Je ne souffris pas du mal de mer, et, le temps étant superbe, je m'occupais toute la journée. Aussi eus-je vite épuisé l'ouvrage que j'avais emporté pour moi et pour mon mari. Je m'érigeai alors en couturière générale, et je fis une proclamation pour que l'on me donnât du travail. Chacun m'en apporta. J'eus des chemises à faire, des cravates à ourler, du linge à marquer. La traversée dura quarante jours, parce que le capitaine, rebelle aux avis de M. Ensdel, était descendu au sud, entraîné par des courants. Ce temps me suffit pour mettre en bon ordre toute la garde-robe de l'équipage.
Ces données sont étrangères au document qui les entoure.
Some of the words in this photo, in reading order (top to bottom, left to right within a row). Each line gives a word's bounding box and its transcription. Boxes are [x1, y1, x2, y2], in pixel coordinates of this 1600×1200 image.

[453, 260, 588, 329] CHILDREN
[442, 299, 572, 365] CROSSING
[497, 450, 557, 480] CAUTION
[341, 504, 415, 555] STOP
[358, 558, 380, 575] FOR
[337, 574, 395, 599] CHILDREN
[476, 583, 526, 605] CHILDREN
Enfin, vers le 10 juin, nous vîmes le cap Saint-Vincent, et le lendemain nous entrâmes dans la rade de Cadix. Le capitaine, par sa maladresse et son ignorance, avait prolongé au moins de quinze jours notre traversée, en se laissant entraîner vers la côte d'Afrique, d'où l'on a beaucoup de peine à se relever vers le nord. Il se croyait si loin de la terre qu'il n'avait pas seulement songé à faire monter un matelot en vigie sur le mât. Lorsqu'on découvrit, à la pointe du jour, le cap Saint-Vincent, qui est très élevé, il fut tout déconcerté.

III

Nous mouillâmes sous le bord d'un vaisseau français à trois ponts, le Jupiter; il se trouvait là avec une flotte française, empêchée de sortir par des bâtiments de guerre anglais, supérieurs en nombre, qui croisaient tous les jours presque en vue du port.
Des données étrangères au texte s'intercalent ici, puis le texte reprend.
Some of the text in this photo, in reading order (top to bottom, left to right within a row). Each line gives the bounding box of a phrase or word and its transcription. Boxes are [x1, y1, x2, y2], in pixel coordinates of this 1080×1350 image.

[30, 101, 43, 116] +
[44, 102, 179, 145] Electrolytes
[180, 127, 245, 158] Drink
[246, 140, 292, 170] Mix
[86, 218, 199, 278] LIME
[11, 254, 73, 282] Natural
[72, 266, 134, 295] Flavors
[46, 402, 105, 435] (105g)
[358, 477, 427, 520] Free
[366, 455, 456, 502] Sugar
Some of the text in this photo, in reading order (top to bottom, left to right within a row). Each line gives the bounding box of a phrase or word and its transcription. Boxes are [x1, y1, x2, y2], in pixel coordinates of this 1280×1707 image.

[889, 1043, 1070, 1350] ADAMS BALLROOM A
Un bateau de la santé, par lequel nous avions été visités, nous avait avertis que nous ferions huit jours de quarantaine à bord. Nous préférions cela, plutôt que d'aller au lazaret pour y être dévorés par tous les genres d'insectes dont l'Espagne abonde. Si même il s'était trouvé un navire qui allât à Bilbao ou à Barcelone, nous y aurions pris passage. Le voyage eût été ainsi plus court, moins fatigant et meilleur marché.

M. de Chambeau n'était pas rayé de la liste des émigrés et ne pouvait rentrer en France. Il désirait se rendre à Madrid, où il connaissait quelques personnes, mais il nous aurait volontiers accompagnés néanmoins jusqu'à Barcelone, ce qui l'aurait rapproché beaucoup d'Auch, ville auprès de laquelle il avait des propriétés.

L'incertitude de nos projets formait l'objet de nos conversations, pendant la quarantaine, qui dura dix jours. Elle aurait pu se prolonger bien davantage grâce à la désertion d'un de nos matelots et à l'impossibilité, par conséquent, de le représenter en personne. Cet homme, de nationalité française, avait été pris après un combat sur un sloop de guerre. Il reconnut un matelot à bord du Jupiter, dont nous étions très rapprochés, et lui parla avec le porte-voix. La même nuit, il gagna le Jupiter à la nage, et quand les employés de la santé procédèrent à l'appel, le lendemain matin, on ne trouva de lui que sa chemise et son pantalon. C'était tout son mobilier. L'incident prolongea notre quarantaine jusqu'au jour où l'on eut constaté que le manquant était sur le navire français.

La quarantaine faillit m'être fatale. Toute la journée, des marchands de fruits venaient sous le bord, et je passais mon temps, ainsi que Mme Tisserandot, à descendre une corbeille au moyen d'une ficelle pour avoir des figues, des oranges, des fraises. Cet abus de fruits m'occasionna une affreuse dysenterie dont je fus très malade.